Medium Neutral Citation:
Distinctive FX 9 Pty Limited v Statewide Developments Pty Limited [2012] NSWCA 393
Hearing dates:
26 November 2012
Decision date:
03 December 2012
Before:
Beazley JA
Decision:

Proceedings in Distinctive FX 9 Pty Limited v Statewide Developments Pty Limited (In Liquidation) CA 2012/210989 are stayed.

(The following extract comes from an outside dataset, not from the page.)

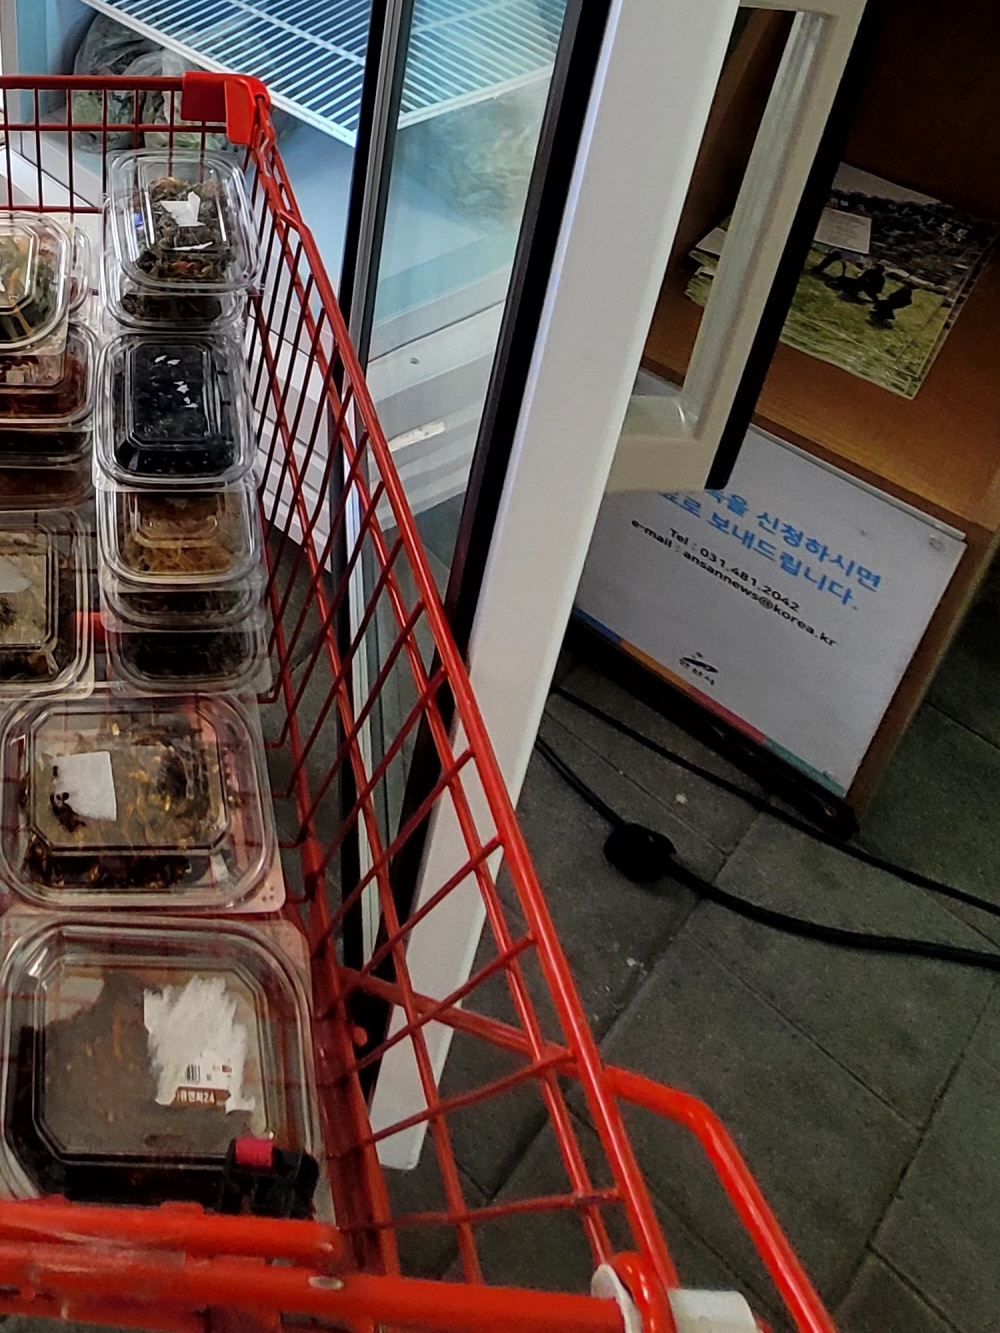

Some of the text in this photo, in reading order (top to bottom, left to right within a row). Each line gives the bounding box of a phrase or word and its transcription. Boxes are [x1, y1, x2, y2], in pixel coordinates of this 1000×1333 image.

[Note: The Uniform Civil Procedure Rules 2005 provide (Rule 36.11) that unless the Court otherwise orders, a judgment or order is taken to be entered when it is recorded in the Court's computerised court record system. Setting aside and variation of judgments or orders is dealt with by Rules 36.15, 36.16, 36.17 and 36.18. Parties should in particular note the time limit of fourteen days in Rule 36.16.]

Catchwords:
PRACTICE & PROCEDURE - Application for security for costs - Respondent company wound up in insolvency - Whether leave of Court required to commence appeal proceedings - Appeal is a new proceeding - Leave of Court required - No application for leave to proceed made - Court has no power to deal with application for security for costs - Proceedings are stayed - Corporations Act 2001 (Cth), s 471B.
Legislation Cited:
Civil Procedure Act 2005
Corporations Act 2001 (Cth)
Uniform Civil Procedure Rules 2005
Cases Cited:
Bevillesta Pty Ltd v D Tannous No 2 Pty Ltd [2010] NSWCA 277
BPM Pty Ltd v HPM Pty Ltd (1996) 14 ACLC 857
Humber & Co v John Griffiths Cycle Company (1901) 85 LT 141
Ingot Capital Investments Pty Ltd & Ors v Macquarie Equity Capital Markets Ltd & Ors [2007] NSWCA 338
Skinner v Jeogla Pty Ltd & Ors [2001] NSWCA 15; 37 ACSR 106
Texts Cited:
Keay McPherson: The Law of Company Liquidation, 4th ed
Category:
Interlocutory applications
Parties:
Distinctive FX 9 Pty Limited (Appellant)
Statewide Developments Pty Limited (In liquidation) (Respondent)
Representation:
Counsel:
D K L Raphael (Appellant)
N Cotman SC; J Hyde (Respondent)
Solicitors:
N/A (Appellant)
Mills Oakley (Respondent)
File Number(s):
CA 2012/210989
Decision under appeal
Jurisdiction:
9111
Citation:
Statewide Developments Pty Ltd (in liquidation) (receivers and managers appointed) v Azure Property Group (Holdings) Pty Ltd [2012] NSWSC 616
Date of Decision:
2012-06-08 00:00:00
Before:
Pembroke J
File Number(s):
2012/42109

Judgment

1HER HONOUR: The respondent has brought an application for security of the costs of an appeal brought by the appellant against a decision of Pembroke J. His Honour answered two separate questions in proceedings brought by the respondent for the removal of caveats lodged by the appellant over land of which the respondent was the registered proprietor: Statewide Developments Pty Ltd (in liquidation) (receivers and managers appointed) v Azure Property Group (Holdings) Pty Ltd [2012] NSWSC 616. The appellant had acted as a real estate agent in respect of the sale of the units and is owed a sum of approximately $1.6 M in commissions by the respondent. It had claimed a caveatable interest in the properties pursuant to an unregistered equitable charge arising from a charging clause in an agreement between the parties dated 22 April 2008.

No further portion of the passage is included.